NERVOUS AND MENTAL DISEASE MONOGRAPH SERIES NO. 25

THE HISTORY OF THE PSYCHOANALYTIC MOVEMENT

BY PROF. DR. SIGMUND FREUD, LL.D. OF VIENNA

AUTHORIZED ENGLISH TRANSLATION BY A. A. BRILL, PH.B., M.D. LECTURER IN PSYCHOANALYSIS AND ABNORMAL PSYCHOLOGY, NEW YORK UNIVERSITY FORMER CHIEF OF CLINIC OF PSYCHIATRY, COLUMBIA UNIVERSITY

NEW YORK THE NERVOUS AND MENTAL DISEASE PUBLISHING COMPANY 1917

NERVOUS AND MENTAL DISEASE MONOGRAPH SERIES

Edited by

Drs. SMITH ELY JELLIFFE and WM. A. WHITE

Numbers Issued

1. Outlines of Psychiatry. (5th Edition.) $3.00.

By Dr. William A. White.

2. Studies in Paranoia. (Out of Print.)

By Drs. N. Gierlich and M. Friedman.

3. The Psychology of Dementia Praecox. (Out of Print).

By Dr. C. G. Jung.

4. Selected Papers on Hysteria and other Psychoneuroses.

(2d Edition.) $2.50. By Prof. Sigmund Freud.

5. The Wassermann Serum Diagnosis in Psychiatry. $2.00.

By Dr. Felix Plaut.

6. Epidemic Poliomyelitis. New York, 1907. (Out of Print).

7. Three Contributions to Sexual Theory. (2d Ed.) $2.00.

By Prof. Sigmund Freud.

8. Mental Mechanisms. $2.00. By Dr. Wm. A. White.

(Out of Print.)

9. Studies in Psychiatry. $2.00.

New York Psychiatrical Society.

10. Handbook of Mental Examination Methods. $2.00.

(Out of Print.) By Shepherd Ivory Franz.

11. The Theory of Schizophrenic Negativism. $0.60.

By Professor E. Bleuler.

12. Cerebellar Functions. $3.00. By Dr. André-Thomas.

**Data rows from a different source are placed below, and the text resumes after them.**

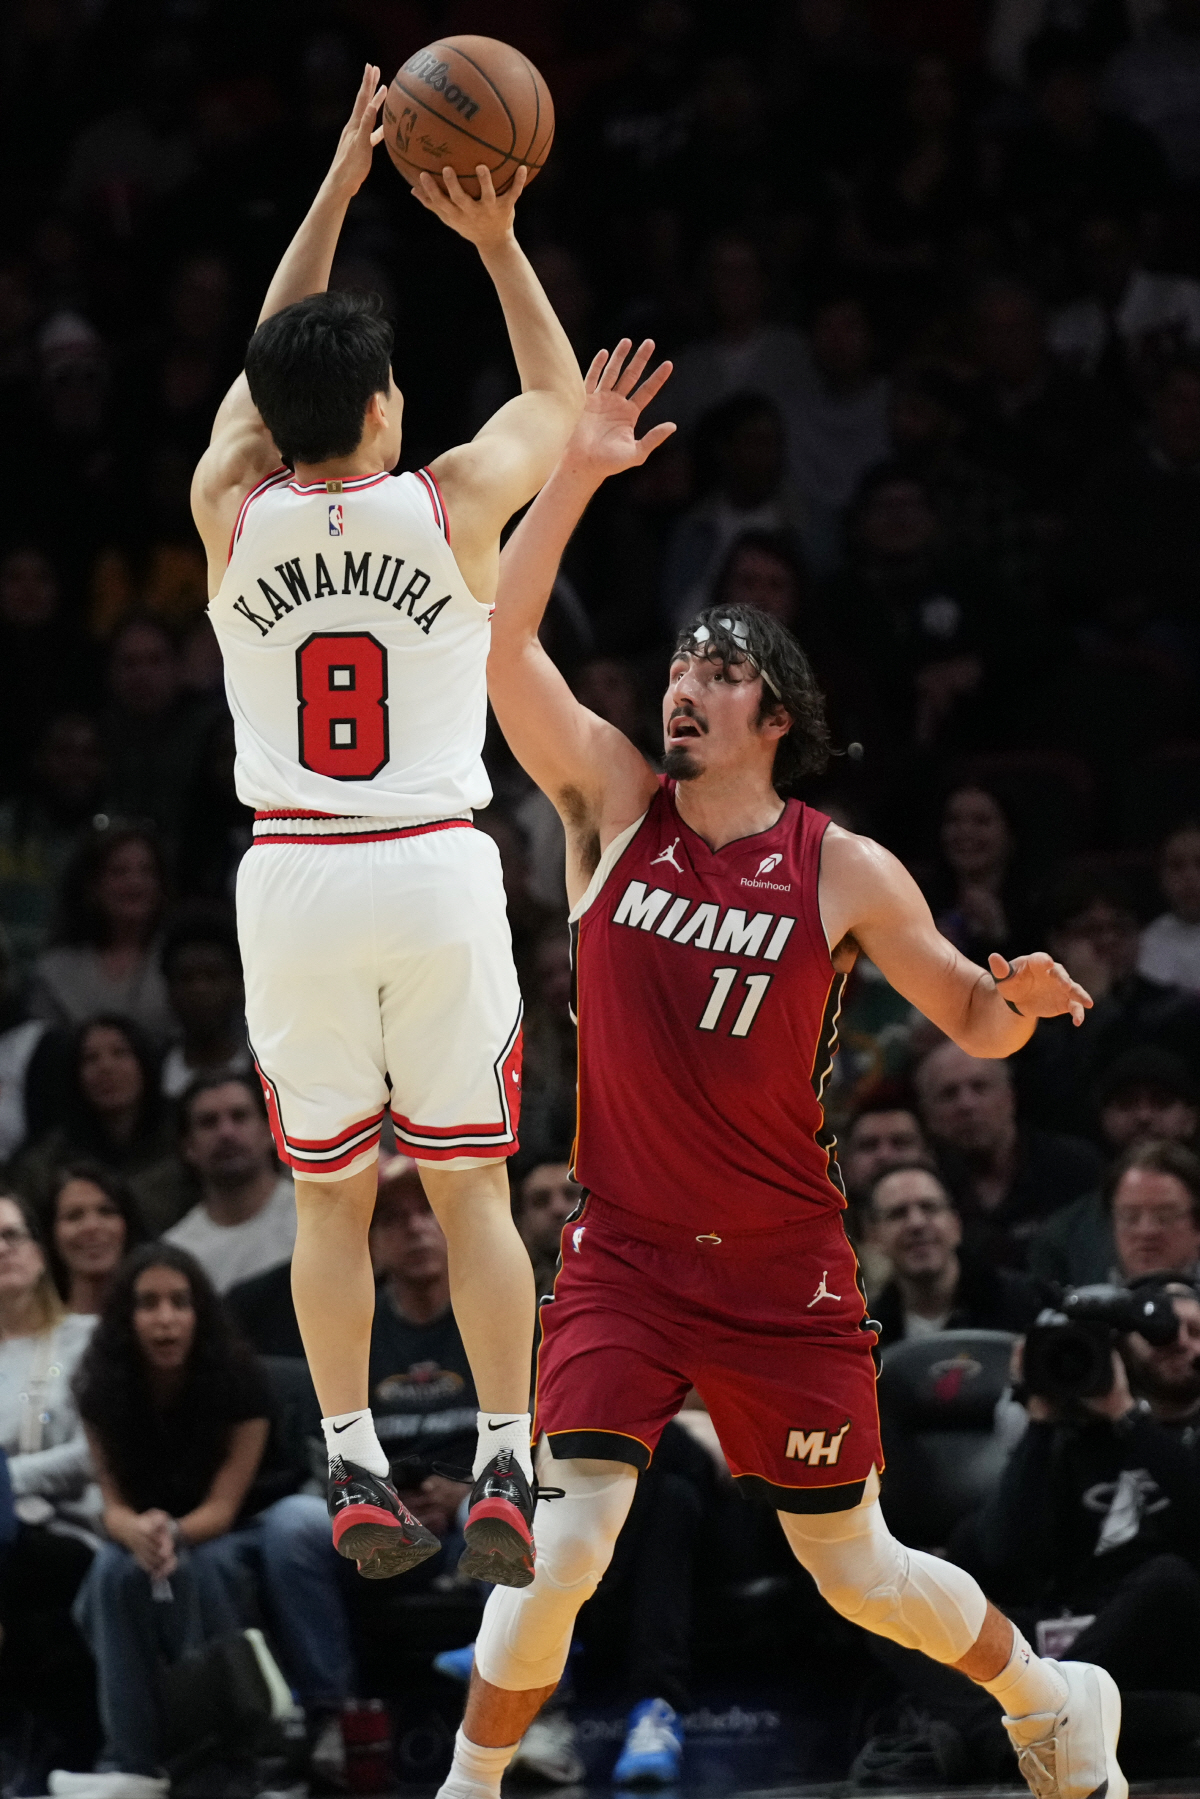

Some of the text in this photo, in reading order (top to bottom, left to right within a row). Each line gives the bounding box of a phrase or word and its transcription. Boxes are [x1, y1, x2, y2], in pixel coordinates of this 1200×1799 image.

[404, 52, 480, 121] Wilson
[233, 551, 452, 637] KAWAMURA
[295, 631, 390, 781] 8
[612, 880, 797, 961] MIAMI
[740, 878, 791, 892] Robinhood
[695, 966, 775, 1039] 11

13. History of Prison Psychoses. $1.25.

By Drs. P. Nitsche and K. Wilmanns.

14. General Paresis. $3.00.

By Prof. E. Kraepelin.

15. Dreams and Myths. $1.00.

By Dr. Karl Abraham.

16. Poliomyelitis. $3.00.

Dr. I. Wickmann.

17. Freud’s Theories of the Neuroses. $2.00.

Dr. E. Hitschmann.

18. The Myth of the Birth of the Hero. $1.00.

Dr. Otto Rank.

19. The Theory of Psychoanalysis. $1.50.

Dr. C. G. Jung.

20. Vagotonia. By Drs. Eppinger and Hess.

$1.00.

21. Wishfulfillment and Symbolism in Fairy Tales.

$1.00.

By Dr. Ricklin.

22. The Dream Problem. By Dr. A. E. Maeder.

$0.60.

23. The Significance of Psychoanalysis for the Mental Sciences. $1.50. By Dr. O. Rank and D. H. Sachs.

24. Organ Inferiority and its Psychical Compensation.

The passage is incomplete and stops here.